This question has been rumbling around in my mind since I read it. I find myself wondering why we have trouble with the “mundane and routine,” and feel as though our days are not only not noteworthy, but maybe not even worthy.
We join a mission program, we make a vow, we join a parish committee or take up volunteer work, and sooner or later it becomes less spectacular, passionate, or fulfilling. Does this mean we are in the wrong place? Or that it is not our calling? We live in a culture of instant gratification—have we forgotten the subtle beauty of the ordinary, the tenderness of the simple, the holiness of day-to-day life?

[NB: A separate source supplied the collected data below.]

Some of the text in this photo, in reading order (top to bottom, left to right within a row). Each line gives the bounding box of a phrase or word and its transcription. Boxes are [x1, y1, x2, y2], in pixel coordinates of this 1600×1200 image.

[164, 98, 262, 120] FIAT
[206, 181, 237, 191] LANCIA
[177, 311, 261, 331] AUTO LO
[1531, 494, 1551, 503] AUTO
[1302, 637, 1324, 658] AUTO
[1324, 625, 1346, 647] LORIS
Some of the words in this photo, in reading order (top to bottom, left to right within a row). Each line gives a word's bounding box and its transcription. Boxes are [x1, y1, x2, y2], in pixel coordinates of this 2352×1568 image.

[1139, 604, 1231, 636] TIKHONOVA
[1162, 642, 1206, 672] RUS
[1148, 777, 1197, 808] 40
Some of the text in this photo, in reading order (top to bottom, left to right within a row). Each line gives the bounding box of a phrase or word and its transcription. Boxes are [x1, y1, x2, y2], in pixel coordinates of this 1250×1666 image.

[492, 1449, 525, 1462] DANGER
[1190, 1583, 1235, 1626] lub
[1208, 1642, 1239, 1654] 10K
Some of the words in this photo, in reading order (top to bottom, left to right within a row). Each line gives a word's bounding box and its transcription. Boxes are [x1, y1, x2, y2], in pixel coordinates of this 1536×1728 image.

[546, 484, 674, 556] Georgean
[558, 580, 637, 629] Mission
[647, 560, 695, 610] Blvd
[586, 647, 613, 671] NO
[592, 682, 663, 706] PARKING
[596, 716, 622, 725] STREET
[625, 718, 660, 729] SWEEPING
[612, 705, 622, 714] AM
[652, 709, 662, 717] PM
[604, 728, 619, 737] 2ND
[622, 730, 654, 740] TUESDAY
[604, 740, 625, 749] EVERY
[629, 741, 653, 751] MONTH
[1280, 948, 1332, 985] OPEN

What would Jesus say about the mundane and ordinary? Jesus lived most of his short time on earth in a most mundane way. Until the age of 30 he did nothing noteworthy—no miraculous healings, no walking on water. For a Jewish man of his time, he lived almost his entire life being quite ordinary—working as the town carpenter, living with his mother, spending time in prayer, discovering his true identity and pondering the gravity of his mission. Yet, the daily smoothing of wood, the nightly hours of silent communion with God were somehow shaping the Servant of God.
Some years ago I lived with a friend in our community who was a physical education teacher. One rainy, sleeting Holy Thursday morning with no school, she went out for a long run. When I asked, “How can you run in this nasty, punishing weather?” She replied, “This is prayer for me!” Running can be just running, but for her it had become prayer. Doing dishes can be a chore—or a contemplative action. Weeding a garden, correcting papers, or vacuuming can be mundane tasks, inglorious chores, even burdens—or they can be a way to see the Face of Christ—or be the Hands of Christ.
Yes, God often speaks to us, and speaks through us in the sweet simplicity of our egoless, ordinary, routine tasks, in our daily faithfulness ... in just breathing.